Among civilised and thriving nations, on the contrary, though a great
number of people do not labour at all, many of whom consume the produce
of ten times, frequently of a hundred times more labour than the
greater part of those who work; yet the produce of the whole labour of
the society is so great that all are often abundantly supplied, and a
workman, even of the lowest and poorest order, if he is frugal and
industrious, may enjoy a greater share of the necessaries and
conveniences of life than it is possible for any savage to acquire.
(Introduction)."
This
naturally gives rise to the question, what causes some labor to be more
productive than other labor? Smith answers that it is the division of labor.
It would be difficult to exaggerate the importance of this concept,
which has application in many different fields. It is the idea that
instead of a single individual making an entire complex product, the
process of production is divided up between a number of people who each
make a particular portion of it. Smith argues that this specialization
is the main factor in productivity. He gives a striking example he has
personally witnessed.
"To
take an example, therefore, from a very trifling manufacture; but one
in which the division of labour has been very often taken notice of,
the trade of the pin-maker; a workman not educated to this business
(which the division of labour has rendered a distinct trade), nor
acquainted with the use of the machinery employed in it (to the
invention of which the same division of labour has probably given
occasion), could scarce, perhaps, with his utmost industry, make one pin in a day, and certainly could not make twenty.
But in the way in which this business is now carried on, not only the
whole work is a peculiar trade, but it is divided into a number of
branches, of which the greater part are likewise peculiar trades. One
man draws out the wire, another straights it, a third cuts it, a fourth
points it, a fifth grinds it at the top for receiving the head; to make
the head requires two or three distinct operations; to put it on is a
peculiar business, to whiten the pins is another; it is even a trade by
itself to put them into the paper; and the important business of making
a pin is, in this manner, divided into about eighteen distinct
operations, which, in some manufactories, are all performed by distinct
hands, though in others the same man will sometimes perform two or
three of them. I have seen a small manufactory of this kind where ten
men only were employed, and where some of them consequently performed
two or three distinct operations. But though they were very poor, and
therefore but indifferently accommodated with the necessary machinery,
they could, when they exerted themselves, make among them about twelve
pounds of pins in a day. There are in a pound upwards of four thousand
pins of a middling size. Those ten persons, therefore, could make among
them upwards of forty-eight thousand pins in a day. Each person,
therefore, making a tenth part of forty-eight thousand pins, might be
considered as making four thousand eight hundred pins in a day.

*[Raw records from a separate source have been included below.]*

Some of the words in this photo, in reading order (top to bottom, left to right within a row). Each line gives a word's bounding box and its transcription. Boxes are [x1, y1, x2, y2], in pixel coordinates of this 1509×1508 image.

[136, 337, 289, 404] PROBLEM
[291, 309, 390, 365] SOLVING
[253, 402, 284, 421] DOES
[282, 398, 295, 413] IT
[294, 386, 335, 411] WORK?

But if they had all wrought separately and independently, and without
any of them having been educated to this peculiar business, they
certainly could not each of them have made twenty, perhaps not one pin
in a day; that is, certainly, not the two hundred and fortieth, perhaps
not the four thousand eight hundredth part of what they are at present
capable of performing, in consequence of a proper division and
combination of their different operations."
(In
the following century Darwin will make brilliant use of this concept to
explain evolution, especially the evolution of the sexes.) This higher
productivity results from a number of factors: specialization improves
the dexterity of the worker, saves time, and, perhaps especially, leads
the specialized workmen to invent labor-saving machines and methods.

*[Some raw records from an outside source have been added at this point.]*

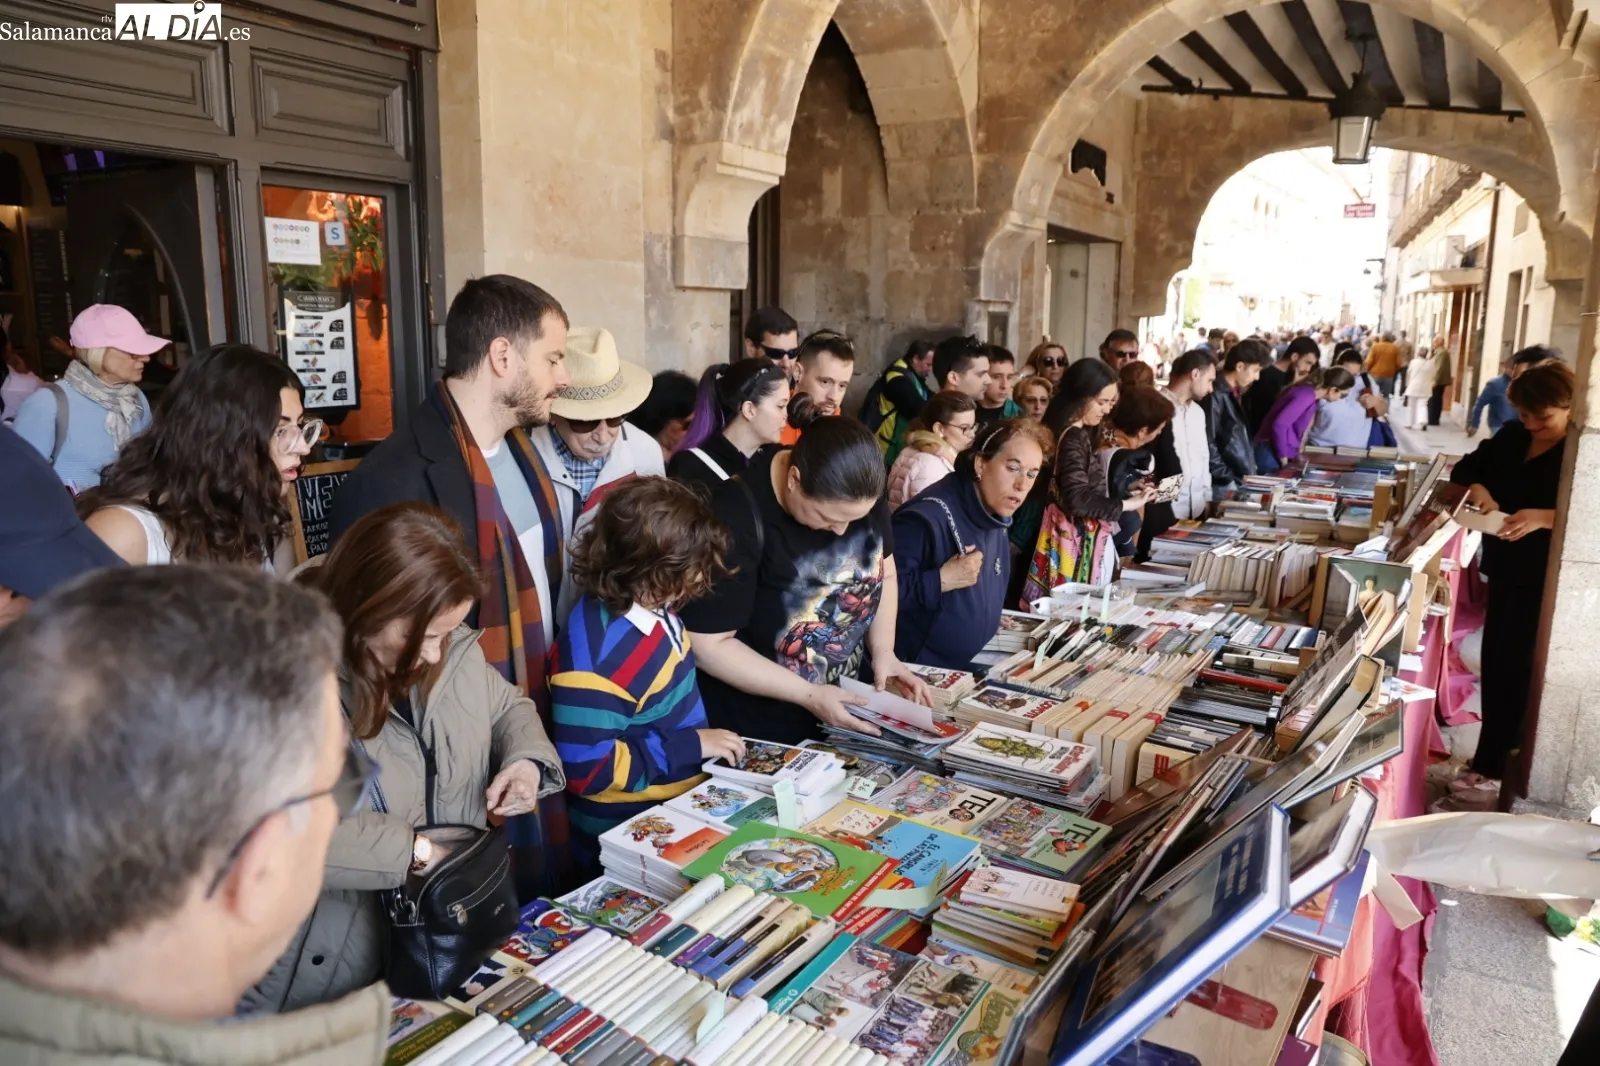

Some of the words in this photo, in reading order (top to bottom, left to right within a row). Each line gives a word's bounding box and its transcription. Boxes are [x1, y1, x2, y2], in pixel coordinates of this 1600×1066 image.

[331, 226, 340, 240] S
[927, 833, 939, 841] DE
[917, 840, 930, 850] LAS
[927, 843, 940, 851] EL
[893, 850, 931, 876] CANGREJO

When the division of labor is employed widely, it produces a vastly
higher standard of living throughout the whole society.
"It
is the great multiplication of the productions of all the different
arts, in consequence of the division of labour, which occasions, in a
well-governed society, that universal opulence which extends itself to
the lowest ranks of the people."
If we examine even the simplest product, we will find that an astonishing number of people have contributed to its making.
"Observe
the accommodation of the most common artificer or day-labourer in a
civilised and thriving country, and you will perceive that the number
of people of whose industry a part, though but a small part, has been
employed in procuring him this accommodation, exceeds all computation.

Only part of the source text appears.